Records START

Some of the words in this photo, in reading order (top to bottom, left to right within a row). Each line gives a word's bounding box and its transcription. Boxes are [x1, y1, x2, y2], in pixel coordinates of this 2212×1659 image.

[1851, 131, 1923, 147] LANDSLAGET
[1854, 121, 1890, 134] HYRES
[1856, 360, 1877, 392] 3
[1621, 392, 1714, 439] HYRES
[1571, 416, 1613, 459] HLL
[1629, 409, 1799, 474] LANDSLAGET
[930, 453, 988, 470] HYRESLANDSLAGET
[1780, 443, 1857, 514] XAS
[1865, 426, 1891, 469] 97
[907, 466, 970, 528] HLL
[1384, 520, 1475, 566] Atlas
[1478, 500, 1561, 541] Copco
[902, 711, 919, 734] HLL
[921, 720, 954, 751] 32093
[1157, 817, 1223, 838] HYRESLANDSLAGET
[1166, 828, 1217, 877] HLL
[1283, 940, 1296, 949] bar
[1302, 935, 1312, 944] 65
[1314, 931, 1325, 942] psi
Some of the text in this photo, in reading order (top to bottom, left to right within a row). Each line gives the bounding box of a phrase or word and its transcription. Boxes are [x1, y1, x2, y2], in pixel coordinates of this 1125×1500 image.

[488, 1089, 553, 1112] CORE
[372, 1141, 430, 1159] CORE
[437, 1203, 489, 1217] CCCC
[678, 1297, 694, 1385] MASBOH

Records END

**What to work on**
Print the records above once again, exactly as written.

**Written reply**
Some of the words in this photo, in reading order (top to bottom, left to right within a row). Each line gives a word's bounding box and its transcription. Boxes are [x1, y1, x2, y2], in pixel coordinates of this 2212×1659 image.

[1851, 131, 1923, 147] LANDSLAGET
[1854, 121, 1890, 134] HYRES
[1856, 360, 1877, 392] 3
[1621, 392, 1714, 439] HYRES
[1571, 416, 1613, 459] HLL
[1629, 409, 1799, 474] LANDSLAGET
[930, 453, 988, 470] HYRESLANDSLAGET
[1780, 443, 1857, 514] XAS
[1865, 426, 1891, 469] 97
[907, 466, 970, 528] HLL
[1384, 520, 1475, 566] Atlas
[1478, 500, 1561, 541] Copco
[902, 711, 919, 734] HLL
[921, 720, 954, 751] 32093
[1157, 817, 1223, 838] HYRESLANDSLAGET
[1166, 828, 1217, 877] HLL
[1283, 940, 1296, 949] bar
[1302, 935, 1312, 944] 65
[1314, 931, 1325, 942] psi
Some of the text in this photo, in reading order (top to bottom, left to right within a row). Each line gives the bounding box of a phrase or word and its transcription. Boxes are [x1, y1, x2, y2], in pixel coordinates of this 1125×1500 image.

[488, 1089, 553, 1112] CORE
[372, 1141, 430, 1159] CORE
[437, 1203, 489, 1217] CCCC
[678, 1297, 694, 1385] MASBOH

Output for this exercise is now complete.